The answer is to be the data that follows, transcribed exactly, minus its pictures.

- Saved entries
----

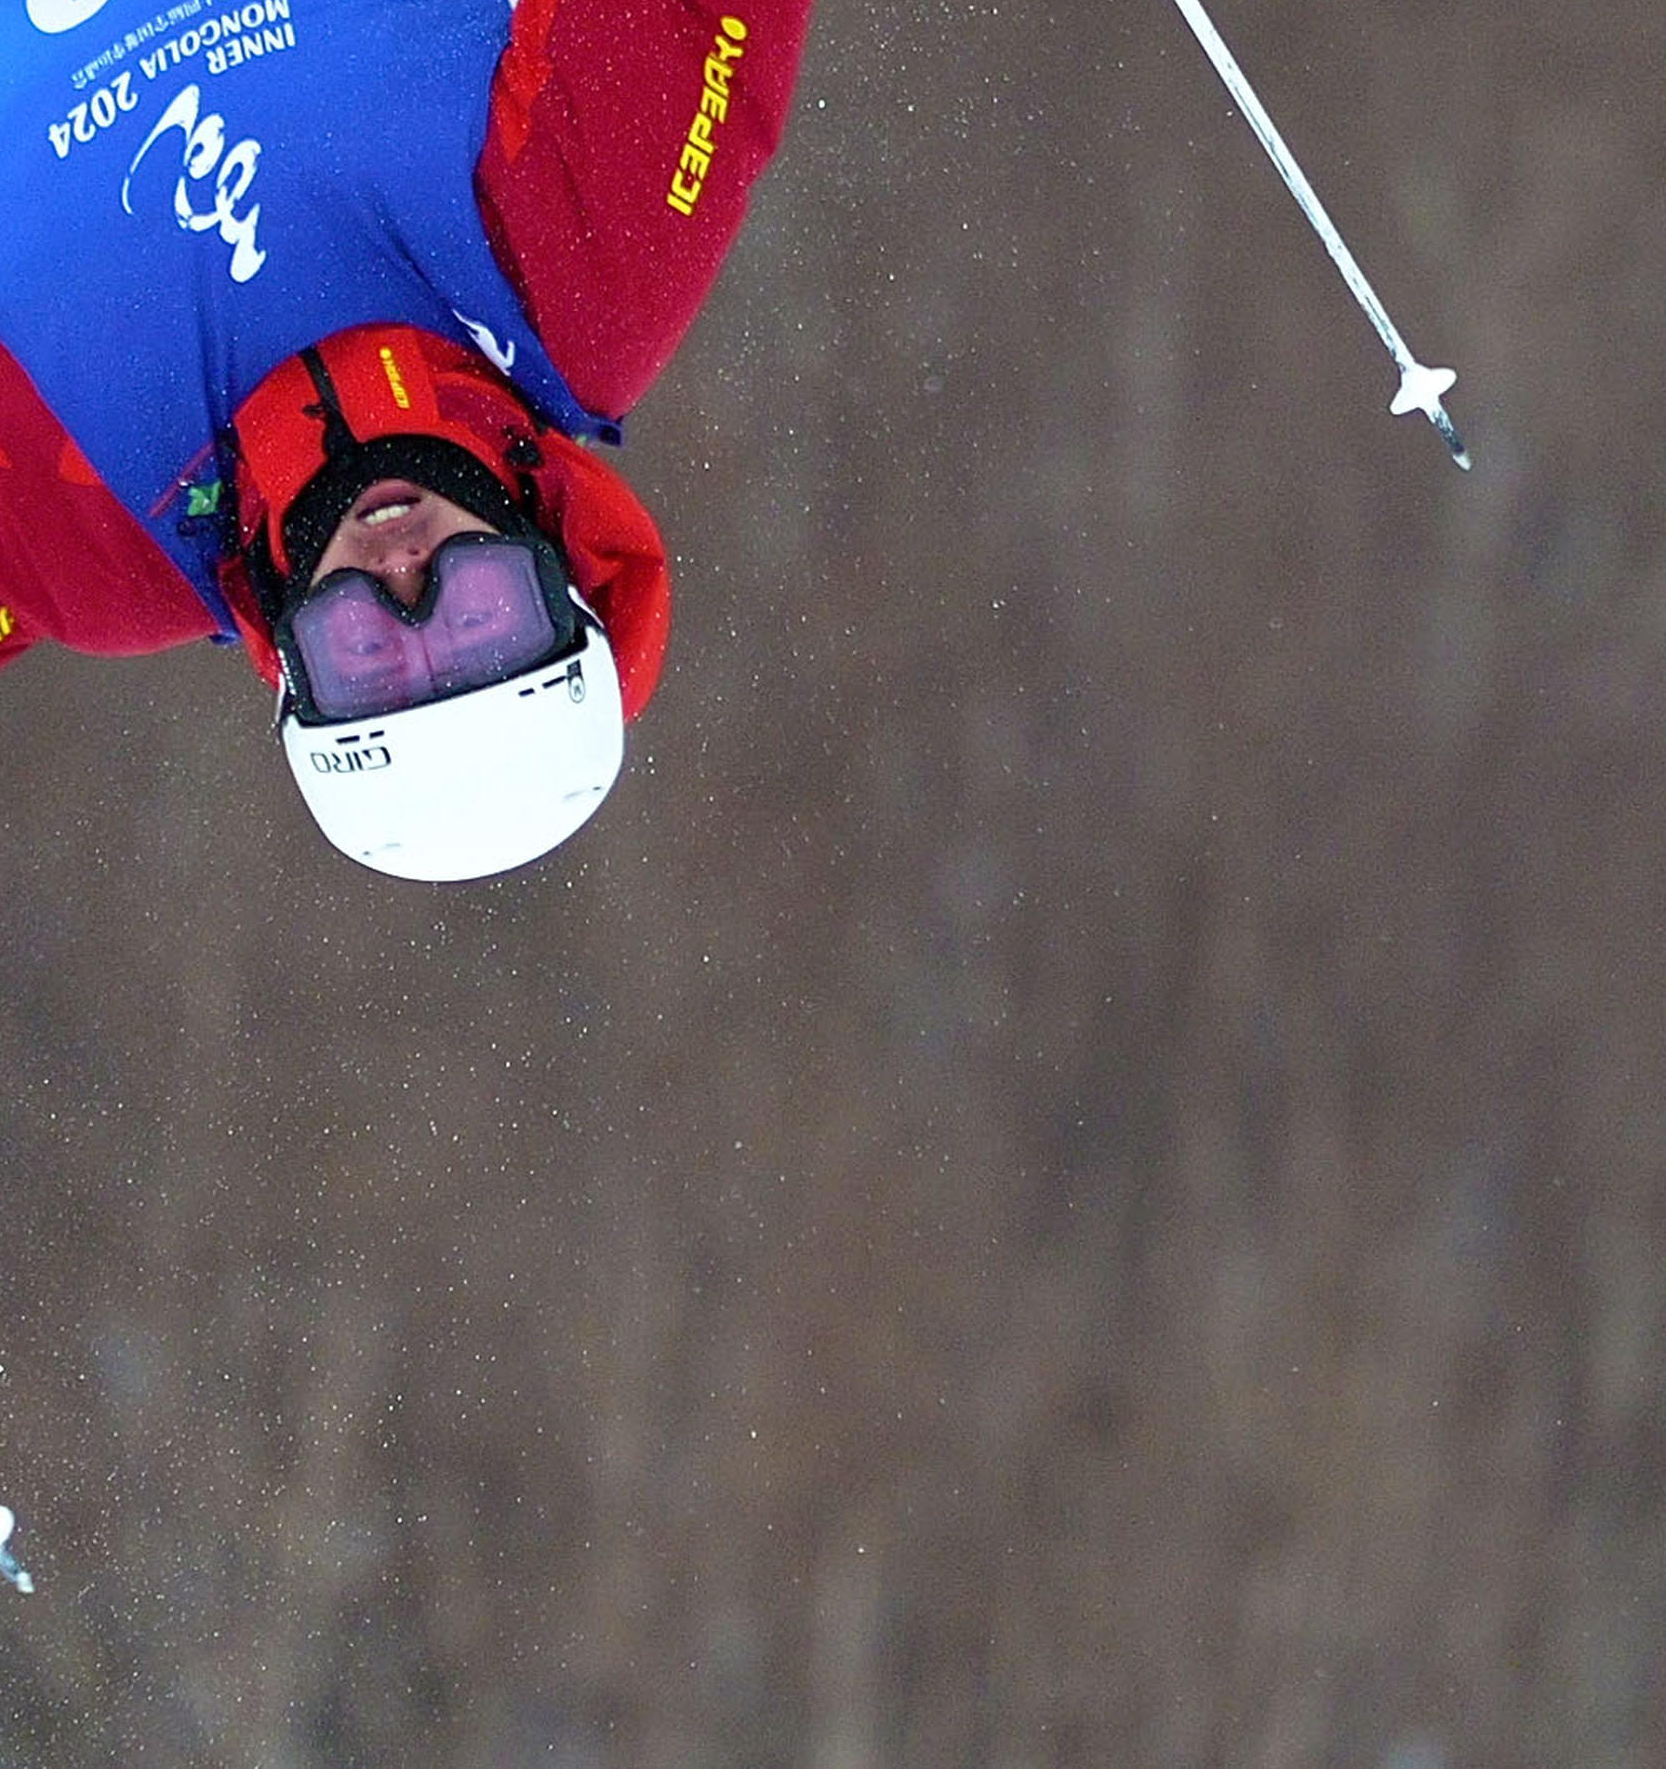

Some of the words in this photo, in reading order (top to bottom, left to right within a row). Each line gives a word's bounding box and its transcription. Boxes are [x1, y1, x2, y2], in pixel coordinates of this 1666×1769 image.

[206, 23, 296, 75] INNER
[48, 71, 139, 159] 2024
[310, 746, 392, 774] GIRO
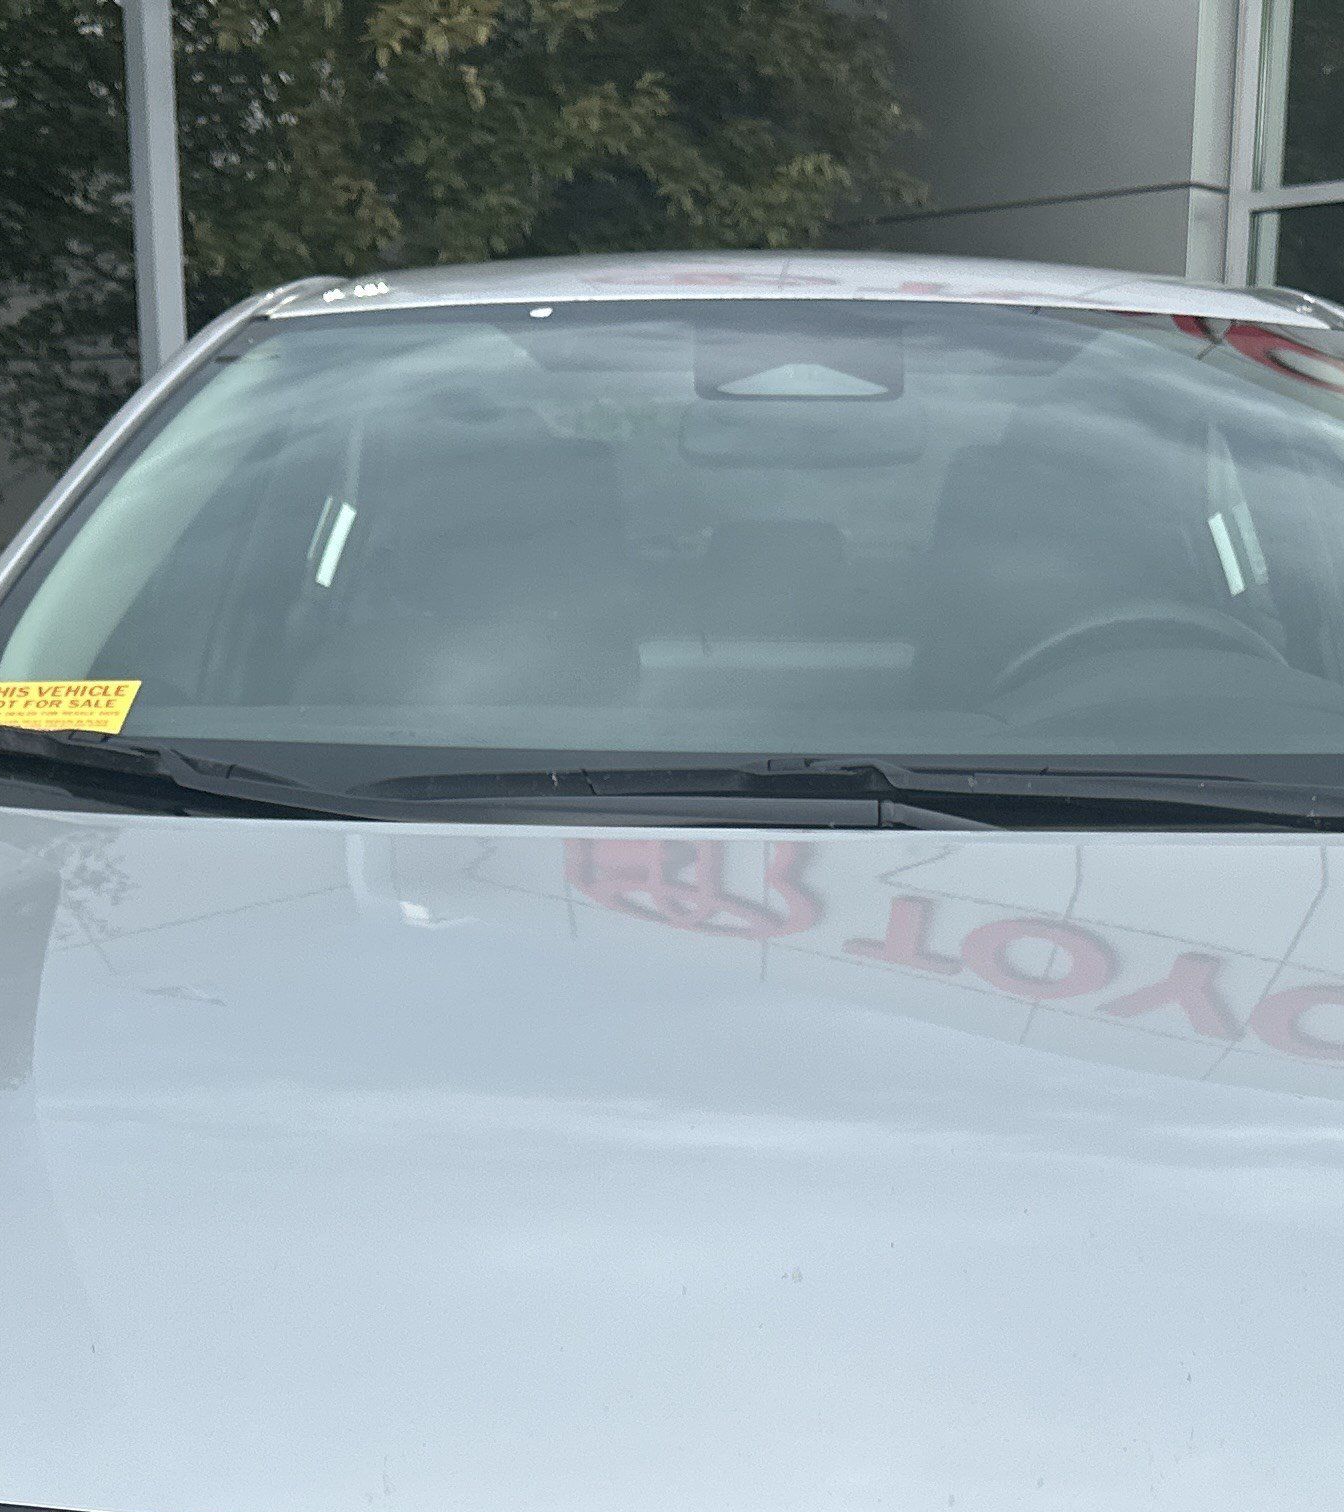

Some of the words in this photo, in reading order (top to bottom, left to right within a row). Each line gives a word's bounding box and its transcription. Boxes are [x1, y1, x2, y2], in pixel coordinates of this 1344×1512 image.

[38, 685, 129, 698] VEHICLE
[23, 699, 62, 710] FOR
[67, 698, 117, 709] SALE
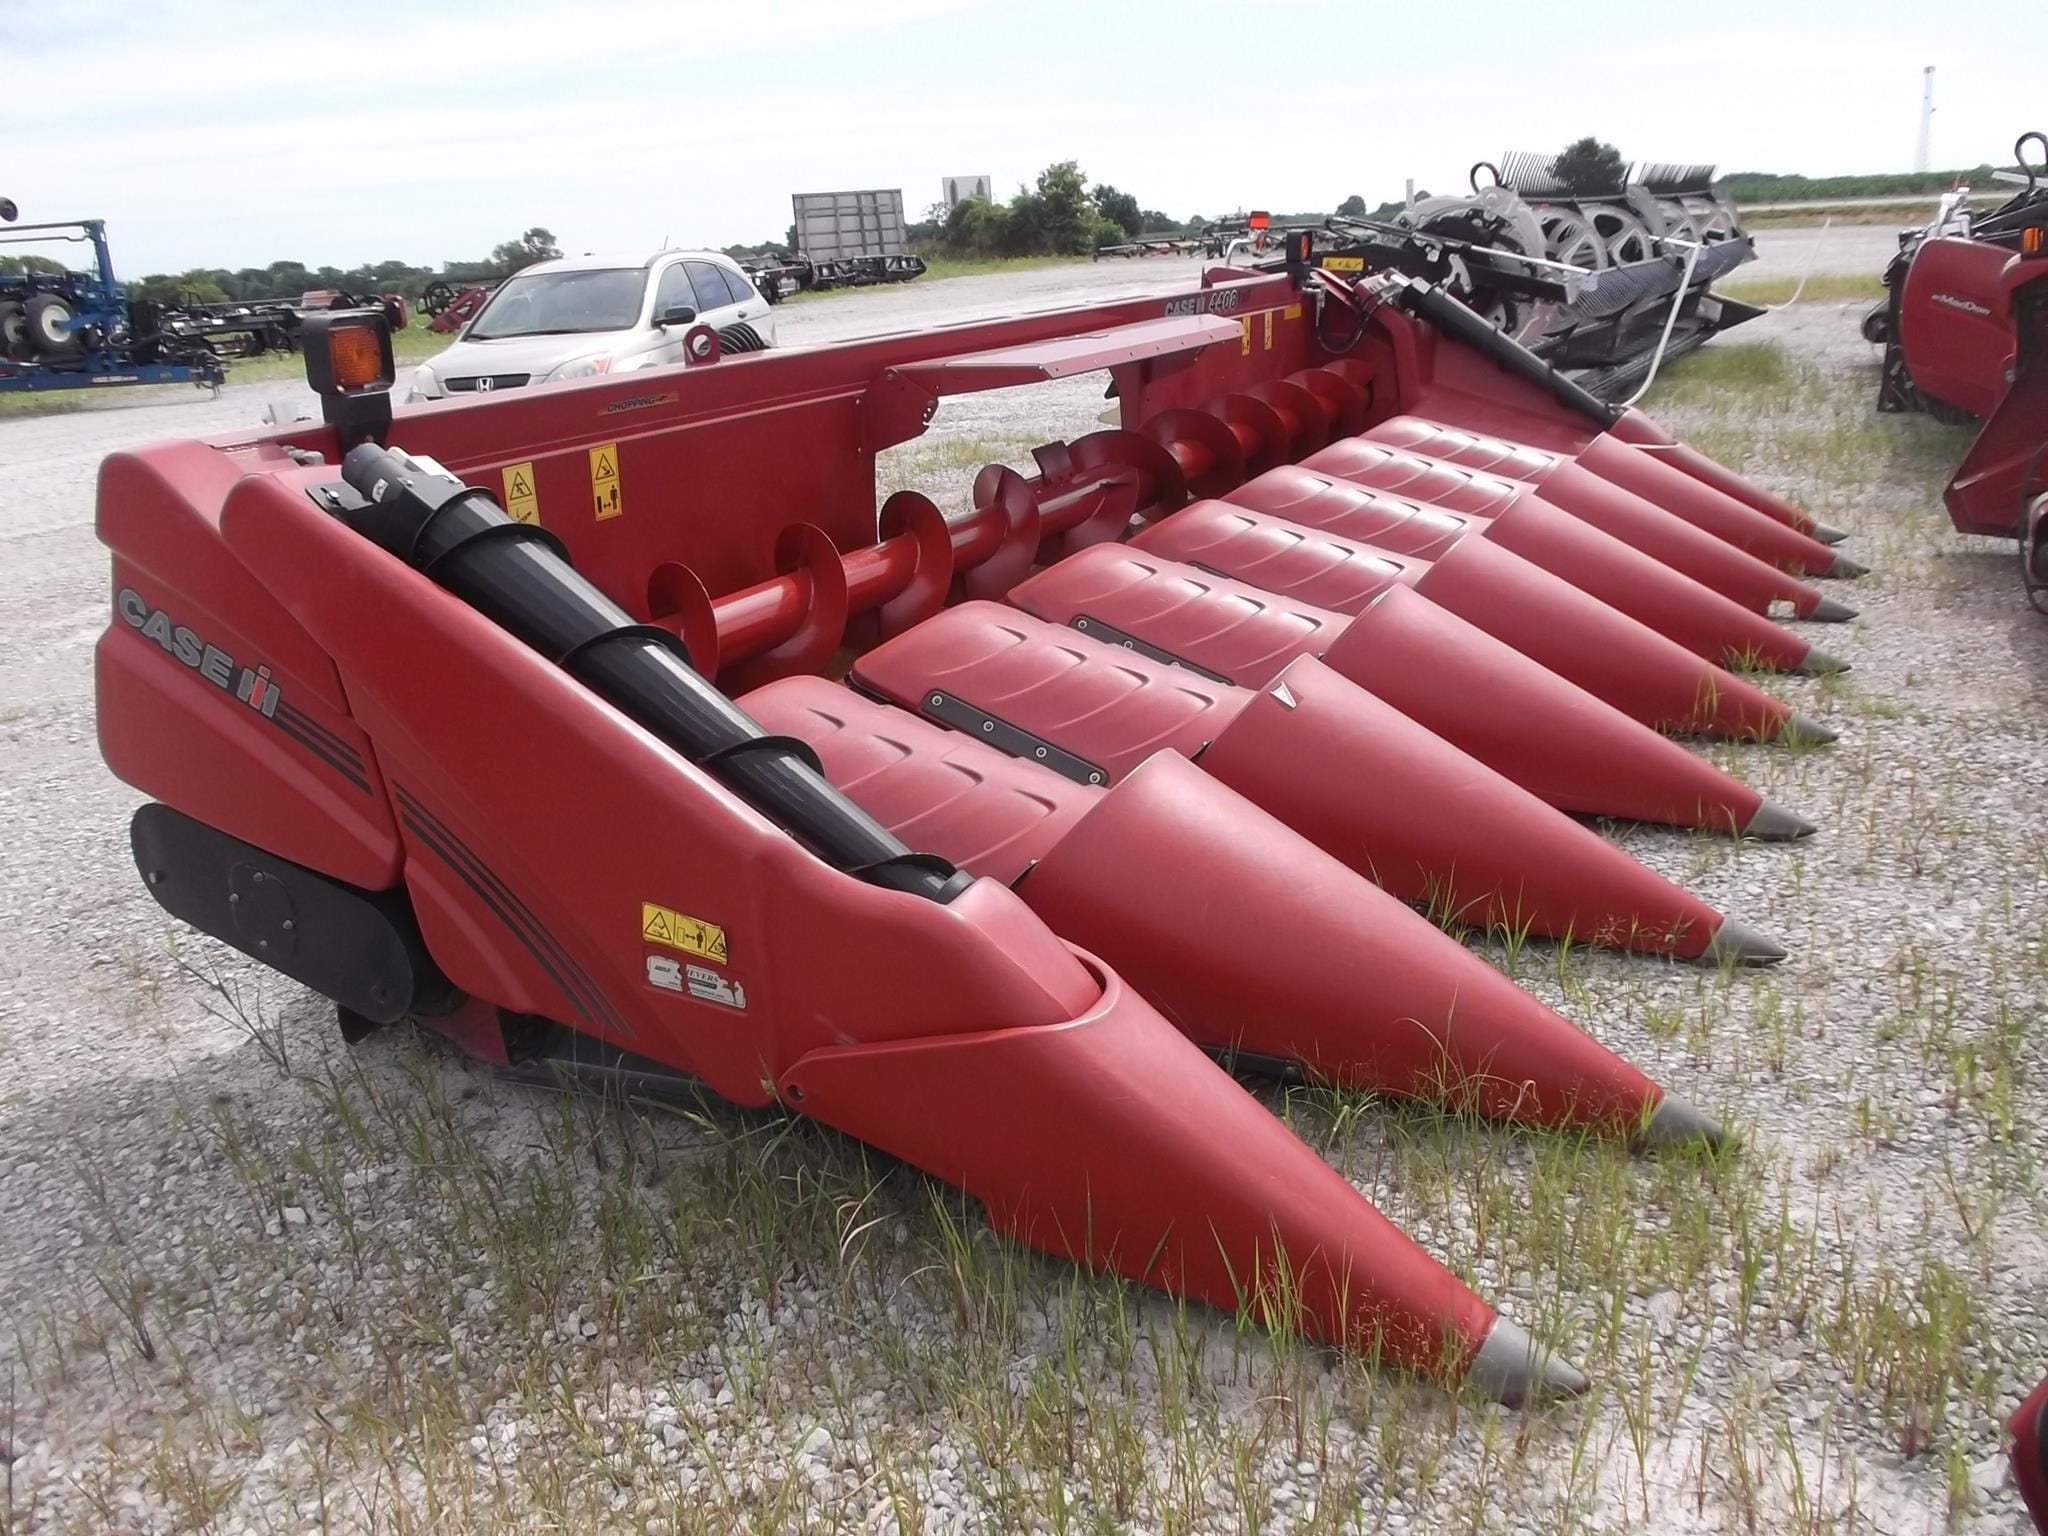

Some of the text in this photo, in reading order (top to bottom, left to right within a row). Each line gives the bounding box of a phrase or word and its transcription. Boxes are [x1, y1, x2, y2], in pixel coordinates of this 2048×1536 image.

----

- EXERCISE ANSWER
Some of the words in this photo, in reading order (top to bottom, left to right within a row). Each line gives a word's bounding box and its transcription. Boxes are [x1, y1, x2, y2], in pixel coordinates of this 1666×1769 image.

[206, 23, 296, 75] INNER
[48, 71, 139, 159] 2024
[310, 746, 392, 774] GIRO

Some of the words in this photo, in reading order (top to bottom, left to right within a row). Each line gives a word's bounding box and its transcription. Boxes are [x1, y1, x2, y2], in pixel coordinates of this 1344×1512 image.

[38, 685, 129, 698] VEHICLE
[23, 699, 62, 710] FOR
[67, 698, 117, 709] SALE

Some of the text in this photo, in reading order (top to bottom, left to right within a row). Each line gives the bounding box of a phrase or word and its transcription. Boxes are [x1, y1, x2, y2], in pixel coordinates of this 2048×1536 image.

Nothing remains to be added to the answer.